┌─ GIVEN DATA
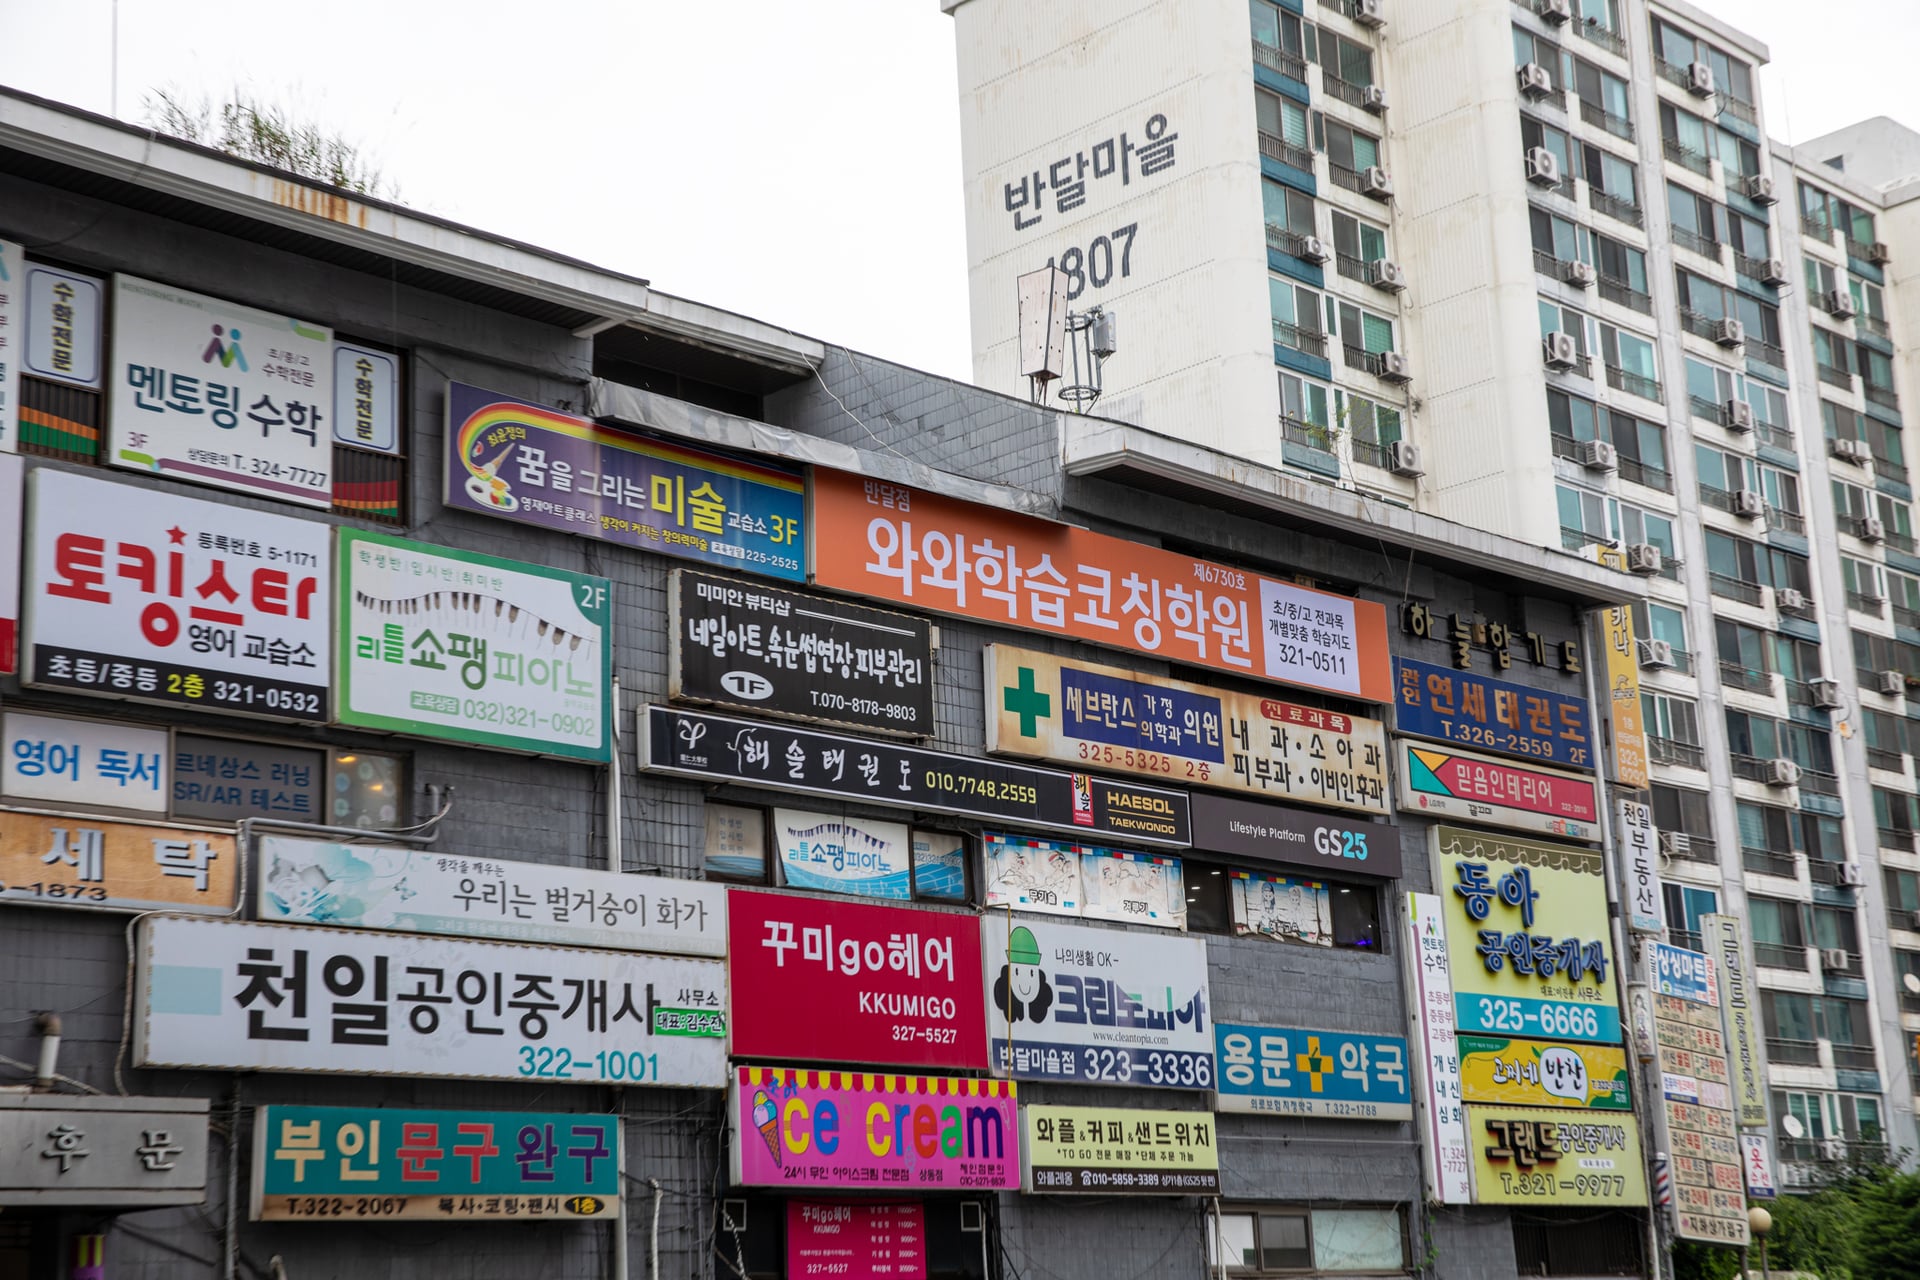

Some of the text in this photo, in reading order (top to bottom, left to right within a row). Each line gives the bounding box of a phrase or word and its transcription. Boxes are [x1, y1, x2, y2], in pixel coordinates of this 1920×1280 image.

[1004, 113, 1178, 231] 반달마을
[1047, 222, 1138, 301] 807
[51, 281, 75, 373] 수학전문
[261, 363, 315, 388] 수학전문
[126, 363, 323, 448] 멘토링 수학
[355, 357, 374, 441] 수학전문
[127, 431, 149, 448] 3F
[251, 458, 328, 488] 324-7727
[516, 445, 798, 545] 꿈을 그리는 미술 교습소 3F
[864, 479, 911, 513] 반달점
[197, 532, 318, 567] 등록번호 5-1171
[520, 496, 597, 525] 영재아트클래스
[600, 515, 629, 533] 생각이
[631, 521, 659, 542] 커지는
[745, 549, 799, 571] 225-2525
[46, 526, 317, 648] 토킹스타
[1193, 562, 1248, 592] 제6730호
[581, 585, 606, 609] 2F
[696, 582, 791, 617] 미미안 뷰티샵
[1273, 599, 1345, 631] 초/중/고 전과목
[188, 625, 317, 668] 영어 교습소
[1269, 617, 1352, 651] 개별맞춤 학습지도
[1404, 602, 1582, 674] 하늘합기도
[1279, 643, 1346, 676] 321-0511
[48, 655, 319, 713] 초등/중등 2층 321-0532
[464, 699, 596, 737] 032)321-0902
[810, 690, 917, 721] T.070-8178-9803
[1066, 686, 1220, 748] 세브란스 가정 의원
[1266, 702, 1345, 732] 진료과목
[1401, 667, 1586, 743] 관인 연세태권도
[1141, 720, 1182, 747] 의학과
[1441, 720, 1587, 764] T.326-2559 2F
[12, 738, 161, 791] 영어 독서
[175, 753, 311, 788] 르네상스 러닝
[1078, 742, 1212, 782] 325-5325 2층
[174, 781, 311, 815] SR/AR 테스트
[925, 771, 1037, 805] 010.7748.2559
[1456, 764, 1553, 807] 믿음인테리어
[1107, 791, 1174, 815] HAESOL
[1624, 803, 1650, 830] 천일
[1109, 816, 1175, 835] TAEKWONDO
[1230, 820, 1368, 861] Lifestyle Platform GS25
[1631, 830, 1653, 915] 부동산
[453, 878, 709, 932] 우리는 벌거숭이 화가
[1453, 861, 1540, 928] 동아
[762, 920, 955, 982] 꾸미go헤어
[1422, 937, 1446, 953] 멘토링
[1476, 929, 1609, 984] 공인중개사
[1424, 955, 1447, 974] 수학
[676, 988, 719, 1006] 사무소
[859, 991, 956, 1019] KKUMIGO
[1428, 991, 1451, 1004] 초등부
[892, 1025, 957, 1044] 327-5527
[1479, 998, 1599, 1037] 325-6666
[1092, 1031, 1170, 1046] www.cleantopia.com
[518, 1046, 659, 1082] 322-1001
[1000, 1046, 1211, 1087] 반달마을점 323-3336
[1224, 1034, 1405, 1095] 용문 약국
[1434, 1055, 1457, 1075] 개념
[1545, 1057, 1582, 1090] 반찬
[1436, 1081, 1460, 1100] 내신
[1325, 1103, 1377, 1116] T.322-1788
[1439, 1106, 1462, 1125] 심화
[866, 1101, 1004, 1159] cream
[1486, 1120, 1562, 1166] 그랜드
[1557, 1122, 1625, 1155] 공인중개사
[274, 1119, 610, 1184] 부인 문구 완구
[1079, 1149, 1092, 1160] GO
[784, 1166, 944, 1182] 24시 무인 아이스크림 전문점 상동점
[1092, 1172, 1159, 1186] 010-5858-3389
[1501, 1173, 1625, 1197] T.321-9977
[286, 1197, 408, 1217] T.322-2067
└─
• _EXERCISE BRIEF_:
Leaving out every picture, repeat the records above exactly as they stand.

• _SOLVED EXERCISE_:
Some of the text in this photo, in reading order (top to bottom, left to right within a row). Each line gives the bounding box of a phrase or word and its transcription. Boxes are [x1, y1, x2, y2], in pixel coordinates of this 1920×1280 image.

[1004, 113, 1178, 231] 반달마을
[1047, 222, 1138, 301] 807
[51, 281, 75, 373] 수학전문
[261, 363, 315, 388] 수학전문
[126, 363, 323, 448] 멘토링 수학
[355, 357, 374, 441] 수학전문
[127, 431, 149, 448] 3F
[251, 458, 328, 488] 324-7727
[516, 445, 798, 545] 꿈을 그리는 미술 교습소 3F
[864, 479, 911, 513] 반달점
[197, 532, 318, 567] 등록번호 5-1171
[520, 496, 597, 525] 영재아트클래스
[600, 515, 629, 533] 생각이
[631, 521, 659, 542] 커지는
[745, 549, 799, 571] 225-2525
[46, 526, 317, 648] 토킹스타
[1193, 562, 1248, 592] 제6730호
[581, 585, 606, 609] 2F
[696, 582, 791, 617] 미미안 뷰티샵
[1273, 599, 1345, 631] 초/중/고 전과목
[188, 625, 317, 668] 영어 교습소
[1269, 617, 1352, 651] 개별맞춤 학습지도
[1404, 602, 1582, 674] 하늘합기도
[1279, 643, 1346, 676] 321-0511
[48, 655, 319, 713] 초등/중등 2층 321-0532
[464, 699, 596, 737] 032)321-0902
[810, 690, 917, 721] T.070-8178-9803
[1066, 686, 1220, 748] 세브란스 가정 의원
[1266, 702, 1345, 732] 진료과목
[1401, 667, 1586, 743] 관인 연세태권도
[1141, 720, 1182, 747] 의학과
[1441, 720, 1587, 764] T.326-2559 2F
[12, 738, 161, 791] 영어 독서
[175, 753, 311, 788] 르네상스 러닝
[1078, 742, 1212, 782] 325-5325 2층
[174, 781, 311, 815] SR/AR 테스트
[925, 771, 1037, 805] 010.7748.2559
[1456, 764, 1553, 807] 믿음인테리어
[1107, 791, 1174, 815] HAESOL
[1624, 803, 1650, 830] 천일
[1109, 816, 1175, 835] TAEKWONDO
[1230, 820, 1368, 861] Lifestyle Platform GS25
[1631, 830, 1653, 915] 부동산
[453, 878, 709, 932] 우리는 벌거숭이 화가
[1453, 861, 1540, 928] 동아
[762, 920, 955, 982] 꾸미go헤어
[1422, 937, 1446, 953] 멘토링
[1476, 929, 1609, 984] 공인중개사
[1424, 955, 1447, 974] 수학
[676, 988, 719, 1006] 사무소
[859, 991, 956, 1019] KKUMIGO
[1428, 991, 1451, 1004] 초등부
[892, 1025, 957, 1044] 327-5527
[1479, 998, 1599, 1037] 325-6666
[1092, 1031, 1170, 1046] www.cleantopia.com
[518, 1046, 659, 1082] 322-1001
[1000, 1046, 1211, 1087] 반달마을점 323-3336
[1224, 1034, 1405, 1095] 용문 약국
[1434, 1055, 1457, 1075] 개념
[1545, 1057, 1582, 1090] 반찬
[1436, 1081, 1460, 1100] 내신
[1325, 1103, 1377, 1116] T.322-1788
[1439, 1106, 1462, 1125] 심화
[866, 1101, 1004, 1159] cream
[1486, 1120, 1562, 1166] 그랜드
[1557, 1122, 1625, 1155] 공인중개사
[274, 1119, 610, 1184] 부인 문구 완구
[1079, 1149, 1092, 1160] GO
[784, 1166, 944, 1182] 24시 무인 아이스크림 전문점 상동점
[1092, 1172, 1159, 1186] 010-5858-3389
[1501, 1173, 1625, 1197] T.321-9977
[286, 1197, 408, 1217] T.322-2067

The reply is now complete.